◆ Problem description: Copy the entries exactly. Leave out any pictures.

>>>

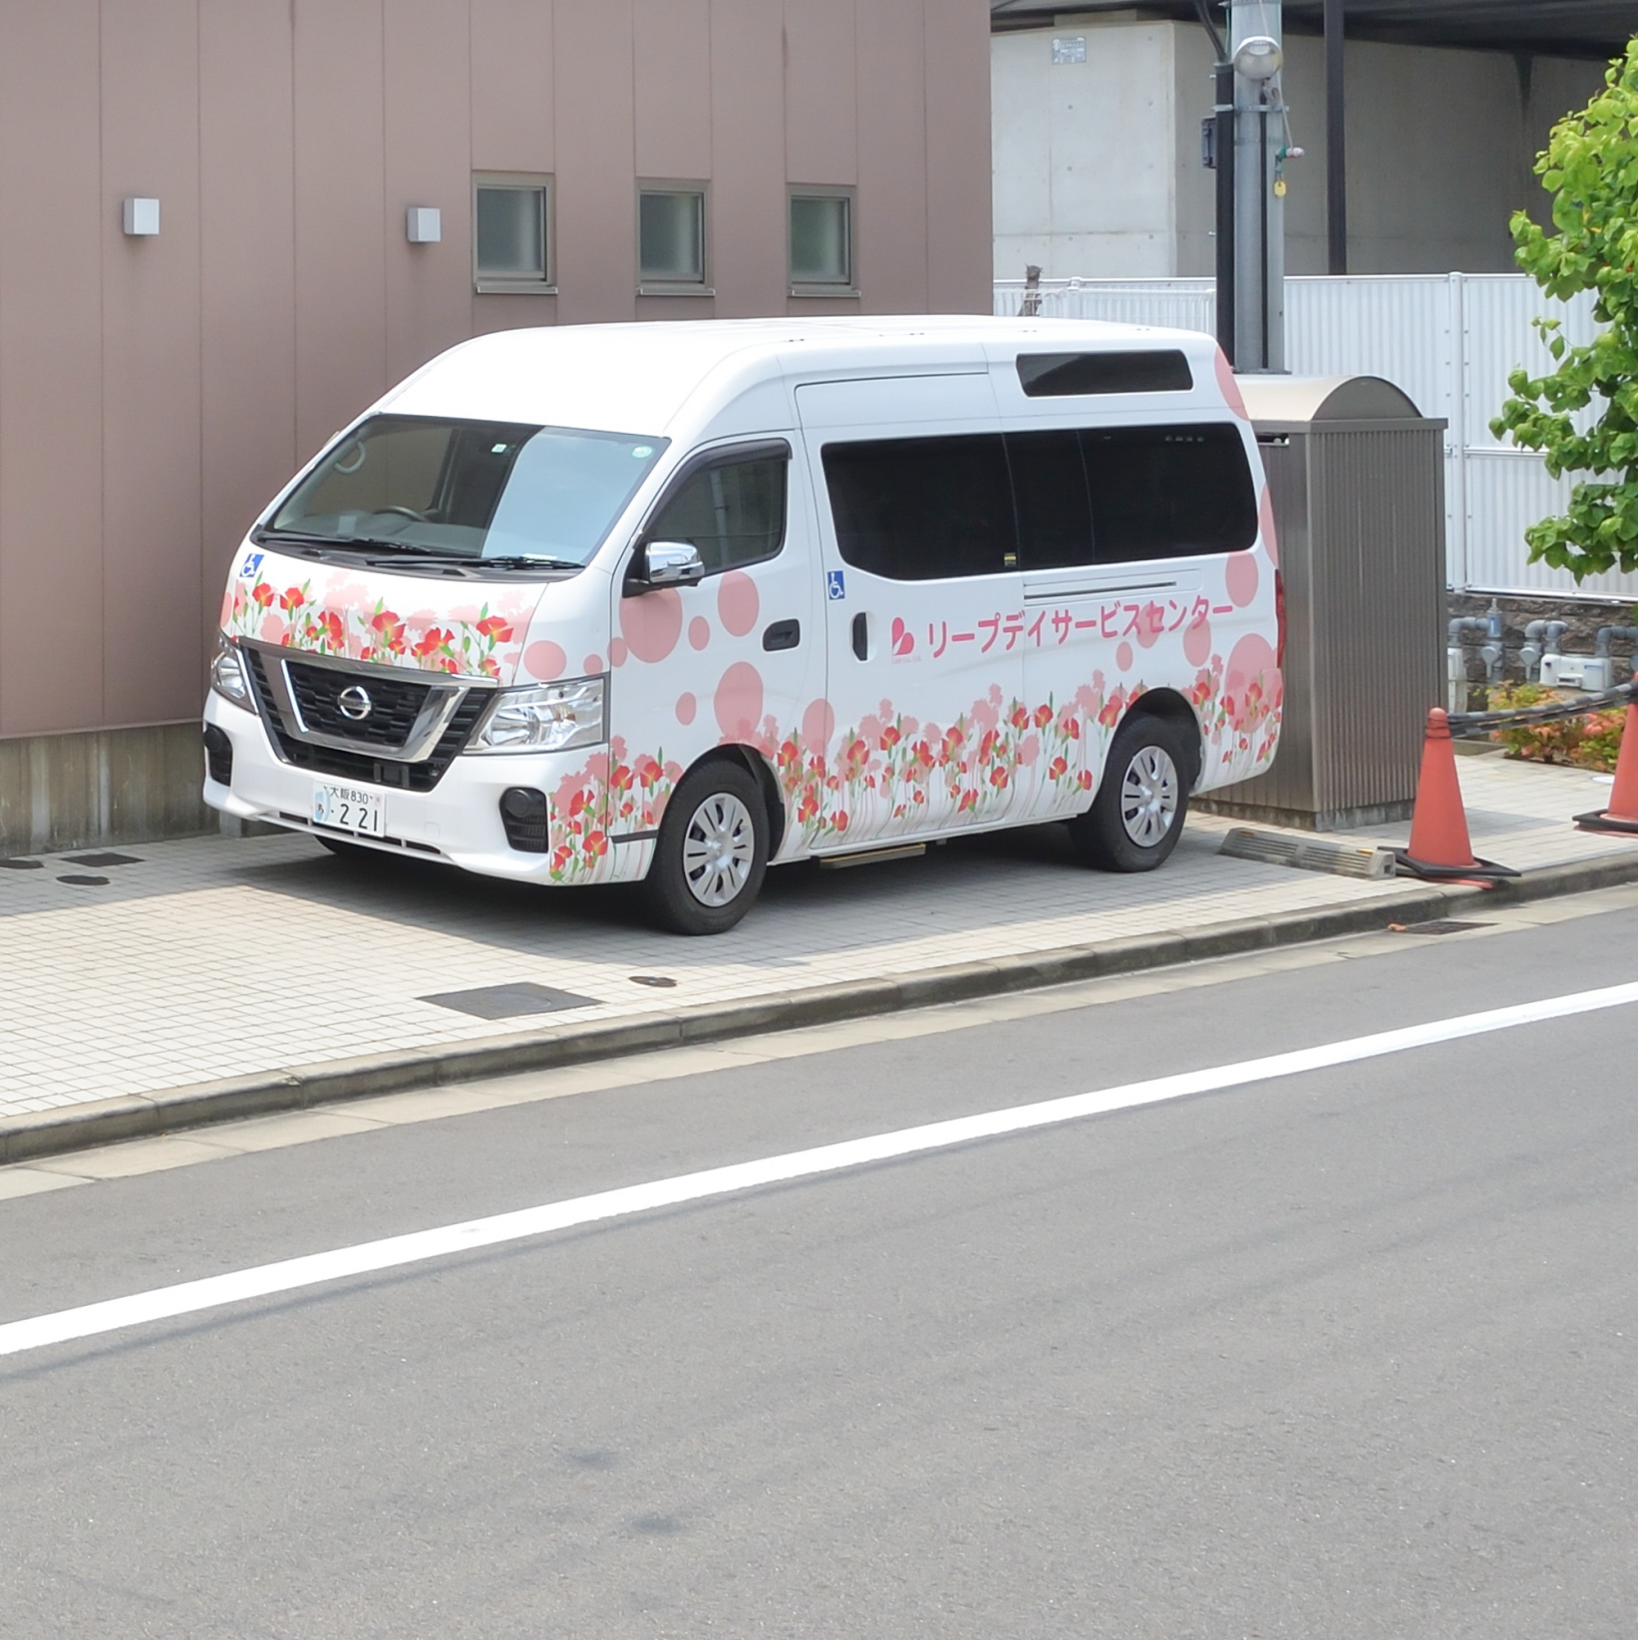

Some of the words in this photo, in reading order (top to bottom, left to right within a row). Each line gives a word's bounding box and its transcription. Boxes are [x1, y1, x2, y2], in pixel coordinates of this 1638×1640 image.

[928, 594, 1234, 659] リープデイサービスセンター
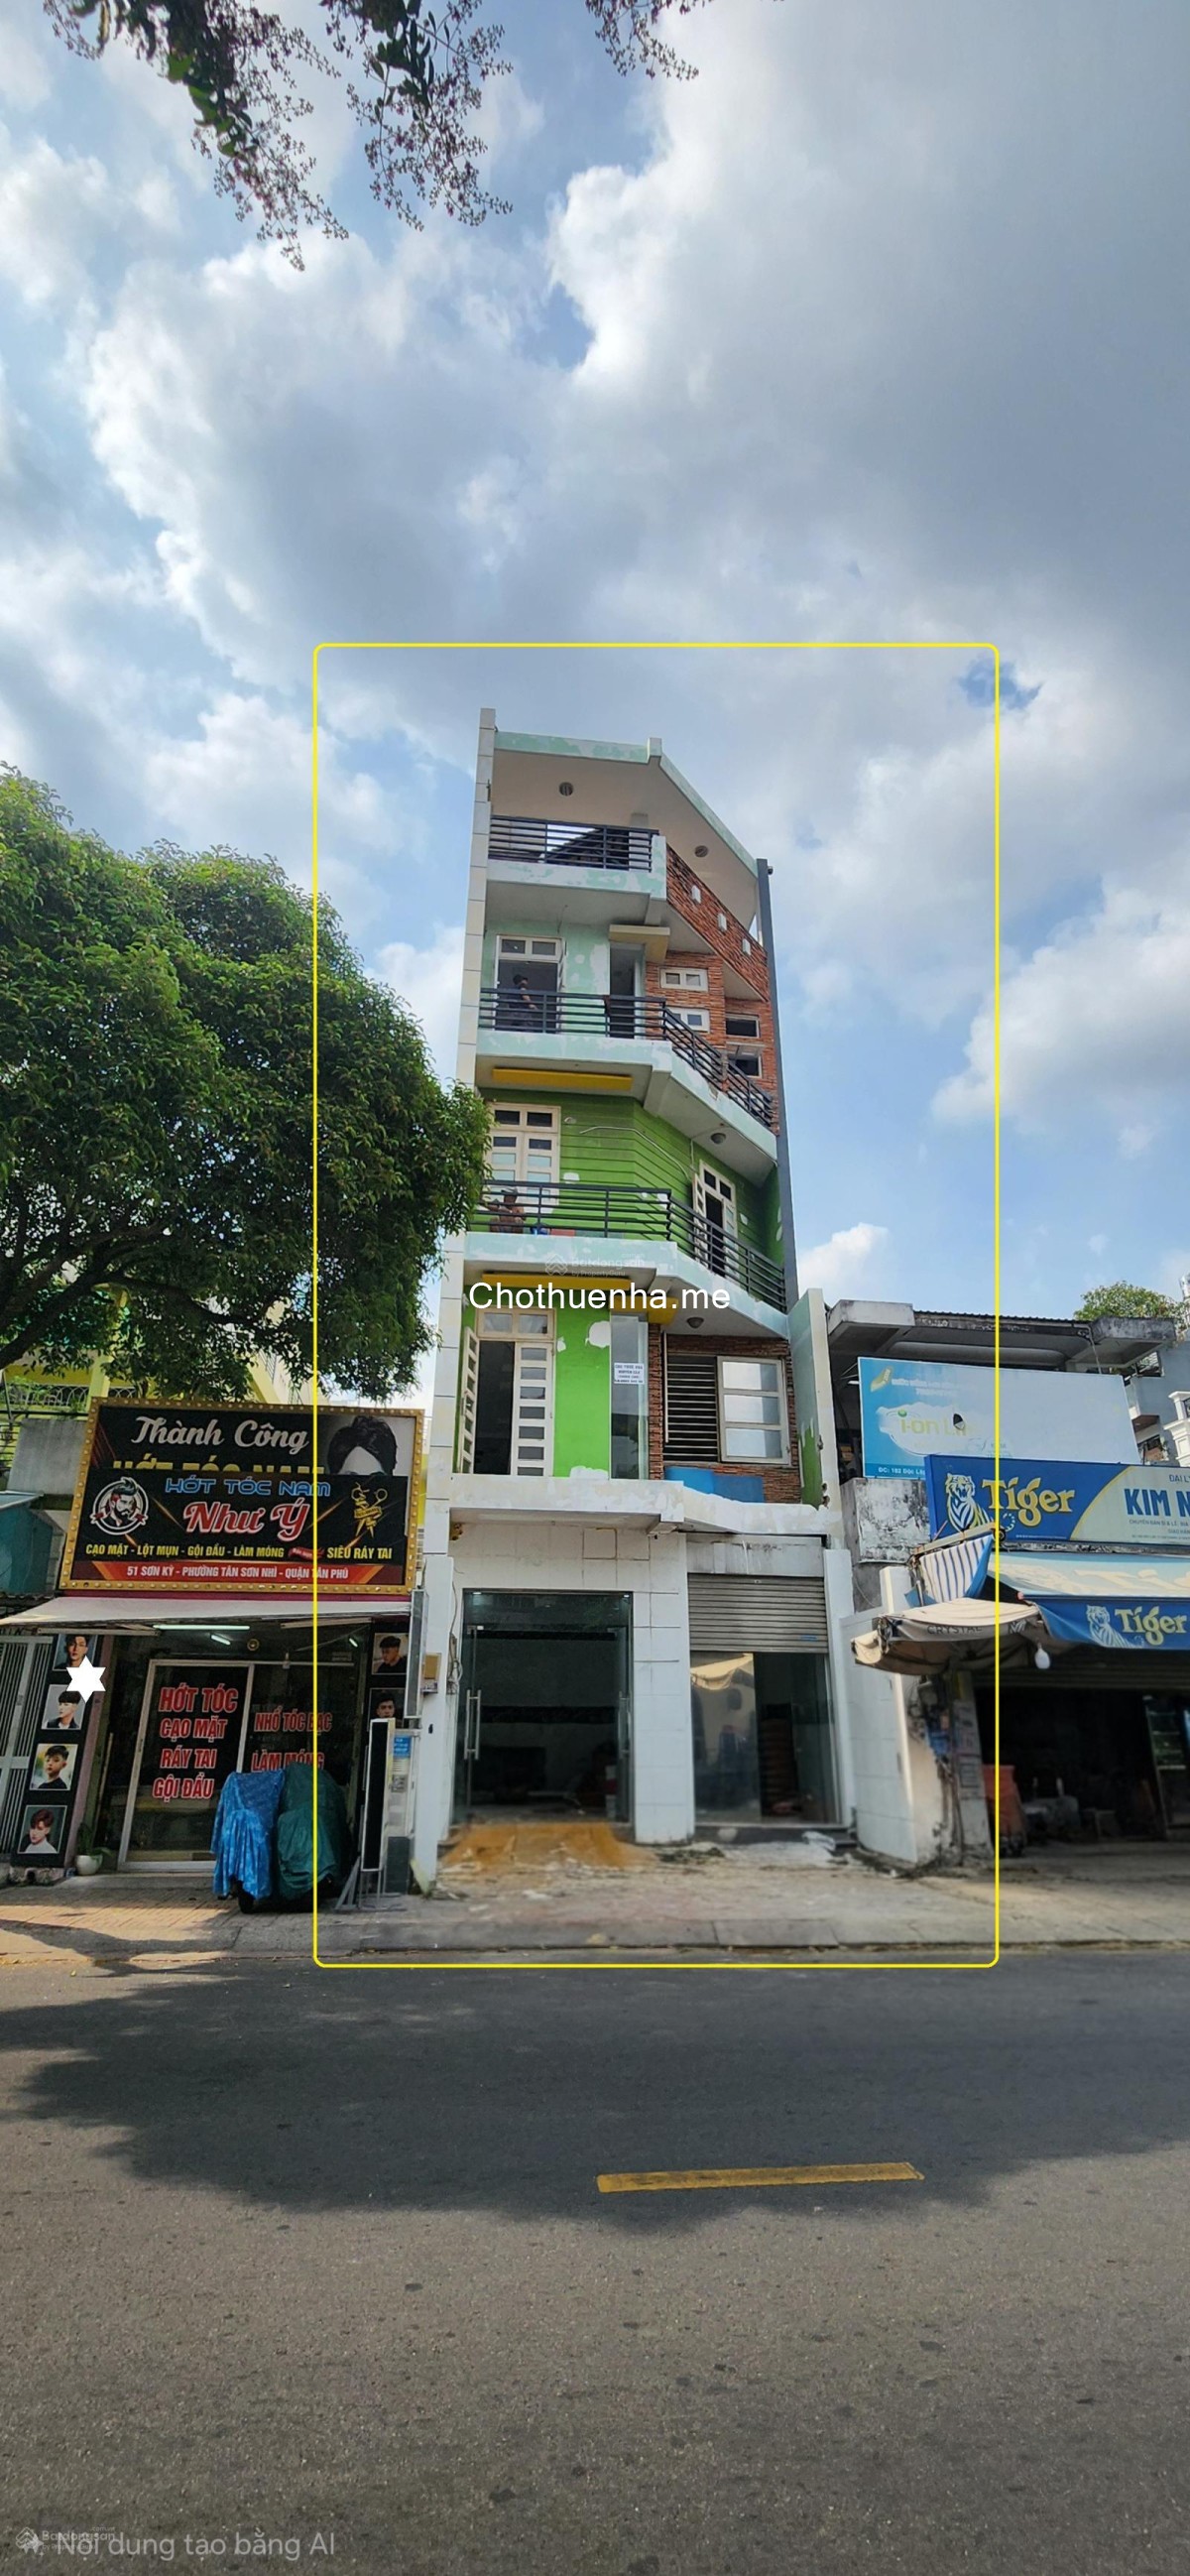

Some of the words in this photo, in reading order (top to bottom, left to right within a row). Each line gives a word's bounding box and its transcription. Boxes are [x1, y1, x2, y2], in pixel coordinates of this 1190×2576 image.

[131, 1415, 224, 1445] Thành
[234, 1419, 309, 1455] Công
[165, 1474, 216, 1494] HỚT
[224, 1476, 272, 1496] TÓC
[982, 1476, 1076, 1527] Tiger
[1124, 1488, 1171, 1517] KIM
[182, 1501, 266, 1534] Như
[270, 1497, 310, 1542] Ý
[85, 1543, 105, 1557] CẠO
[107, 1542, 129, 1558] MẶT
[156, 1545, 179, 1558] MỤN
[233, 1544, 254, 1557] LÀM
[326, 1543, 350, 1559] SIÊU
[353, 1545, 374, 1560] RÁY
[378, 1547, 393, 1560] TAI
[126, 1565, 138, 1576] 51
[141, 1565, 161, 1577] SƠN
[181, 1564, 219, 1577] PHƯỜNG
[240, 1566, 260, 1578] SƠN
[285, 1567, 309, 1580] QUẬN
[311, 1567, 329, 1579] ÂN
[1115, 1605, 1187, 1646] Tiger
[158, 1682, 198, 1713] HỚT
[201, 1682, 239, 1714] TÓC
[160, 1718, 191, 1742] CẠO
[193, 1715, 228, 1743] MẶT
[283, 1708, 306, 1733] TÓC
[160, 1745, 192, 1770] RÁY
[193, 1748, 218, 1770] TAI
[251, 1748, 283, 1774] LÀM
[153, 1774, 181, 1802] GỘI
[181, 1772, 215, 1799] ĐẦU
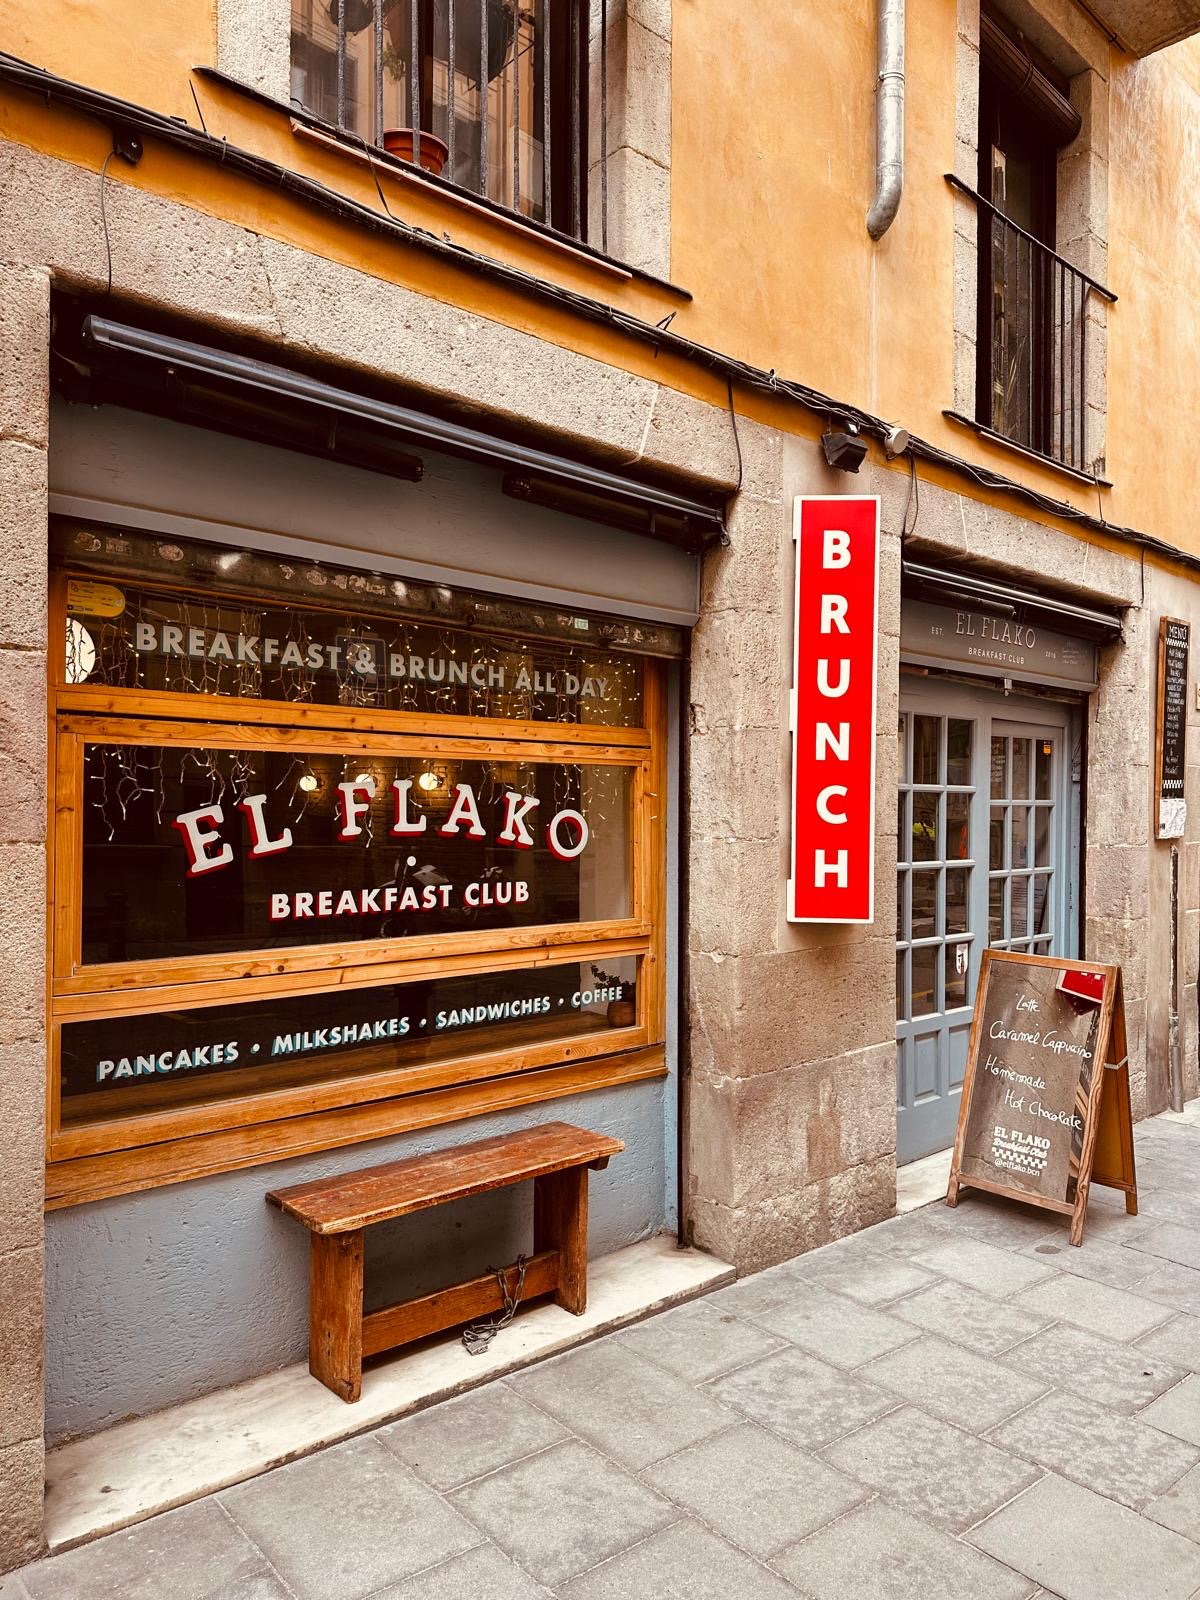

<<<

◆ Solution to this problem:
Some of the words in this photo, in reading order (top to bottom, left to right within a row). Each line gives a word's bounding box and its transcription. Boxes are [x1, y1, x2, y2], in pixel coordinates of this 1638×1640 image.

[928, 594, 1234, 659] リープデイサービスセンター

Some of the words in this photo, in reading order (top to bottom, left to right within a row). Each line gives a word's bounding box and its transcription. Boxes are [x1, y1, x2, y2], in pixel coordinates of this 1190×2576 image.

[131, 1415, 224, 1445] Thành
[234, 1419, 309, 1455] Công
[165, 1474, 216, 1494] HỚT
[224, 1476, 272, 1496] TÓC
[982, 1476, 1076, 1527] Tiger
[1124, 1488, 1171, 1517] KIM
[182, 1501, 266, 1534] Như
[270, 1497, 310, 1542] Ý
[85, 1543, 105, 1557] CẠO
[107, 1542, 129, 1558] MẶT
[156, 1545, 179, 1558] MỤN
[233, 1544, 254, 1557] LÀM
[326, 1543, 350, 1559] SIÊU
[353, 1545, 374, 1560] RÁY
[378, 1547, 393, 1560] TAI
[126, 1565, 138, 1576] 51
[141, 1565, 161, 1577] SƠN
[181, 1564, 219, 1577] PHƯỜNG
[240, 1566, 260, 1578] SƠN
[285, 1567, 309, 1580] QUẬN
[311, 1567, 329, 1579] ÂN
[1115, 1605, 1187, 1646] Tiger
[158, 1682, 198, 1713] HỚT
[201, 1682, 239, 1714] TÓC
[160, 1718, 191, 1742] CẠO
[193, 1715, 228, 1743] MẶT
[283, 1708, 306, 1733] TÓC
[160, 1745, 192, 1770] RÁY
[193, 1748, 218, 1770] TAI
[251, 1748, 283, 1774] LÀM
[153, 1774, 181, 1802] GỘI
[181, 1772, 215, 1799] ĐẦU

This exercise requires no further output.